For the Evolve strategy:

• Compete: no considerations. All competes are basically some form of in-place sorting of some kind. This is relatively fast compared to the rest of the operations.
• Crossover: the workhorse of internal parts. Crossover touches most genes each generation and clones up to the whole population if you keep all the parents around. See performance tips below.
• Mutate: no considerations. It touches genes like crossover does, but should be used sparingly anyway; with low gene counts (<10%) and low probability (5-20%)
• Fitness: can be anything. This fully depends on the user domain. Parallelize it using with_par_fitness() in the Builder. But beware that parallelization has it’s own overhead and is not always faster.

Performance Tips

• Small genes sizes
  • It seems that CrossoverMultiGene with number_of_crossovers = genes_size / 2 and allow_duplicates = true is the best tradeoff between performance and effect.
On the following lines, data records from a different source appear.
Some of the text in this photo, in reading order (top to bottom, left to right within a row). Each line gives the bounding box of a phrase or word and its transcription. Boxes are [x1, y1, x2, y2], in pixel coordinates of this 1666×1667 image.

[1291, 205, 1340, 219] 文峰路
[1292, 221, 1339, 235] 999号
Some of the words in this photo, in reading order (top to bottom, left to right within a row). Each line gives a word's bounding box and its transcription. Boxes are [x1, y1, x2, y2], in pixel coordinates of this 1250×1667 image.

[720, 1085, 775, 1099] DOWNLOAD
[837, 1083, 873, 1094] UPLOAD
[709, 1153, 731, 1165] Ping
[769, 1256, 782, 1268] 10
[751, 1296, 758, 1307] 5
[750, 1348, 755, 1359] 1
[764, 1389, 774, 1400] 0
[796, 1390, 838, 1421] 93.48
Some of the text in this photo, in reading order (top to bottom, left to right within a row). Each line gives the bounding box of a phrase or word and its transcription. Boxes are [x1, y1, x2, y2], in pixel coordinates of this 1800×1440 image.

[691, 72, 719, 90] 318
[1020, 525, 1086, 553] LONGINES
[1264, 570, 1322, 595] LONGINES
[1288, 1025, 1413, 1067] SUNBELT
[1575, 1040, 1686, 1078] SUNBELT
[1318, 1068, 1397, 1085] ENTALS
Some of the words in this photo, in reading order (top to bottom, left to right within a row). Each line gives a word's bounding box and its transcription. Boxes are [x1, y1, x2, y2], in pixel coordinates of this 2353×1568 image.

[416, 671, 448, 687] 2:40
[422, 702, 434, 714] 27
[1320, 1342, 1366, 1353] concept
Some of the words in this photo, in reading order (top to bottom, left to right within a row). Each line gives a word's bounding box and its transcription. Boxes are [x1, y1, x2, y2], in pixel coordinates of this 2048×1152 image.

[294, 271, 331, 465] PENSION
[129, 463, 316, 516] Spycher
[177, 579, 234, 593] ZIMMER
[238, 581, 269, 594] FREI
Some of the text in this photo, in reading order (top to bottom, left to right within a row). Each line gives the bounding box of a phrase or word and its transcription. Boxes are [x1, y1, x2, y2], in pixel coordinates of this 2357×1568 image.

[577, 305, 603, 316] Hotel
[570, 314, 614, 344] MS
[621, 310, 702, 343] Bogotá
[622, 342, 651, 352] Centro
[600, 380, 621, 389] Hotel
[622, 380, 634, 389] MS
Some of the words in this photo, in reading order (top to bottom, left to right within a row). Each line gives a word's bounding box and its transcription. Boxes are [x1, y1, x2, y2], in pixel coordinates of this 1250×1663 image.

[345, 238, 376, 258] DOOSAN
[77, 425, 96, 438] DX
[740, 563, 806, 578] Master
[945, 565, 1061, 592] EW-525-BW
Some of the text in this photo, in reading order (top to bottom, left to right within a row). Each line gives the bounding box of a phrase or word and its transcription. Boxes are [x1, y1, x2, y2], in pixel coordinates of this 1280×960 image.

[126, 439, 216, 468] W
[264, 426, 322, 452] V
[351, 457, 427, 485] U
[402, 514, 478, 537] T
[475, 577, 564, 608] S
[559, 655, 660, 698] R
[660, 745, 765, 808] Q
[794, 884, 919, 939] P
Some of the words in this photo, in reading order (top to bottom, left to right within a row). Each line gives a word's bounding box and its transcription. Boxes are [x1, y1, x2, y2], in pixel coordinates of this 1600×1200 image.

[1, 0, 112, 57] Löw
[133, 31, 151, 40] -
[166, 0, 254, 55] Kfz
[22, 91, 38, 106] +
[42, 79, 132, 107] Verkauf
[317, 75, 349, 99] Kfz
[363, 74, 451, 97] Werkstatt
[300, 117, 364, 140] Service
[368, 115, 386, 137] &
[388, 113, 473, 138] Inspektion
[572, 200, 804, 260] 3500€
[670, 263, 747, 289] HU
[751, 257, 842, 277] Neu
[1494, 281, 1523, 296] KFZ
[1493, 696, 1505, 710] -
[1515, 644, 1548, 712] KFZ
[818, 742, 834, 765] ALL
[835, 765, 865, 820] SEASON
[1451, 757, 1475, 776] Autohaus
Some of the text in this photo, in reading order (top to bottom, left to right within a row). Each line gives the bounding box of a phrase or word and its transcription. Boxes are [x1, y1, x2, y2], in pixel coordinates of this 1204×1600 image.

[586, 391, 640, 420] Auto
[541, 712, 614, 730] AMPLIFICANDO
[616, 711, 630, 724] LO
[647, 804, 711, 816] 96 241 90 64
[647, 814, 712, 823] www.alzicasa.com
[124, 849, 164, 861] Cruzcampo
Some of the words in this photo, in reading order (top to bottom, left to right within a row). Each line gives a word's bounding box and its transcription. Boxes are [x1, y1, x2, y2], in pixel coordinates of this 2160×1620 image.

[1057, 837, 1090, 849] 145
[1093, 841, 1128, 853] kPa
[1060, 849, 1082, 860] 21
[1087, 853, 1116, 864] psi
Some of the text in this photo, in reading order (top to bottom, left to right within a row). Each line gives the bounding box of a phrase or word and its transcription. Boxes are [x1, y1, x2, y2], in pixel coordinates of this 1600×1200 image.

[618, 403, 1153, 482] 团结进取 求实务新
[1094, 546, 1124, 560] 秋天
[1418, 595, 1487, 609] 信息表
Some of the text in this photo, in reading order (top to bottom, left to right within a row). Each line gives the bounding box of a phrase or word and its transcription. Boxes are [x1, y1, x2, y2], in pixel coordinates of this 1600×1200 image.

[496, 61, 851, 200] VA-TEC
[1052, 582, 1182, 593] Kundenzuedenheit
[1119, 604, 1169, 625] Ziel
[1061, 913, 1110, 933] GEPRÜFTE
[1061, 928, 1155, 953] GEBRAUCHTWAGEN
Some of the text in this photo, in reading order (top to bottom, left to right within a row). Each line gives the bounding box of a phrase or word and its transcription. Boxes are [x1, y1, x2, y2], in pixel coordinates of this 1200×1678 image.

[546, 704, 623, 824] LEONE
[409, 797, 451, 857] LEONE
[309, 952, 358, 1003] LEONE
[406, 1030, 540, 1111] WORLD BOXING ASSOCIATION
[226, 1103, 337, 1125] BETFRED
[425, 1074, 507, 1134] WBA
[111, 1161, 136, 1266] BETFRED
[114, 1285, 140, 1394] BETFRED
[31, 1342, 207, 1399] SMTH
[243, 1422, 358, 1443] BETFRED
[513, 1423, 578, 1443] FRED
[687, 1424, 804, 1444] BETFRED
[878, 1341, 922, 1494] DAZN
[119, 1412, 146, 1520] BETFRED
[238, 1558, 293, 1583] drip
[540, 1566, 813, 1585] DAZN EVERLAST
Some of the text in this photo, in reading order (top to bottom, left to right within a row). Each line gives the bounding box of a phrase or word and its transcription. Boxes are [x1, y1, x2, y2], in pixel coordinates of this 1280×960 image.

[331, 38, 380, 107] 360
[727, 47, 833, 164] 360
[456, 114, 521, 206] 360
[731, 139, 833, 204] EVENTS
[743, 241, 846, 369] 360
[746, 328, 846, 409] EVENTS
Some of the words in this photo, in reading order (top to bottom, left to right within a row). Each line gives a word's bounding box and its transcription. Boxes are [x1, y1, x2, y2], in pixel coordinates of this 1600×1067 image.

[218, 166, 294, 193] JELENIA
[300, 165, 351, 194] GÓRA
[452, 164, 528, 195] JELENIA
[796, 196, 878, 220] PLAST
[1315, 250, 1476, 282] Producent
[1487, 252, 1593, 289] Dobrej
CrossoverUniform is an alias for the same approach, taking the genes_size from the genotype at runtime.
  • Keeping the parents around doesn’t matter that much as the cloning is relatively less pronounced (but becomes more prominent for larger population sizes)
• Large genes sizes
  • It seems that CrossoverMultiPoint with number_of_crossovers = genes_size / 9 and allow_duplicates = false is the best tradeoff between performance and effect.
  • Keeping the parents around has major performance effects and should be avoided. Use low parent_survival_rate or none at all. Explore non-Vec based genotypes like BitGenotype.

Modules

• chromosome
  The chromosome is a container for the genes and caches a fitness score
• compete
  The competition phase, where chromosomes are lined up for pairing in the crossover phase. Excess chromosomes, beyond the target_population_size, are dropped.
• crossover
  The crossover phase where every two parent chromosomes create two children chromosomes. The competition phase determines the order and the amount of the parent pairing (overall with fitter first). If you choose to a keep a percentage of the top parents, the parents will compete with their own children and the population is temporarily overbooked and part of it will be discarded in the competition phase of the next generation.
• extension
  When approacking a (local) optimum in the fitness score, the variation in the population goes down dramatically. This reduces the efficiency, but also has the risk of local optimum lock-in. To increase the variation in the population, an extension mechanisms can optionally be used
• fitness
  The search goal to optimize towards (maximize or minimize).
• genotype
  The search space for the algorithm.
• mutate
  The mutation strategy, very important for avoiding local optimum lock-in. But don’t overdo it, as it degenerates the population too much if overused. Use a mutation probability generally between 5% and 20%.
• population
  The population is a container for Chromosomes
• strategy
  solution strategies for finding the best chromosomes.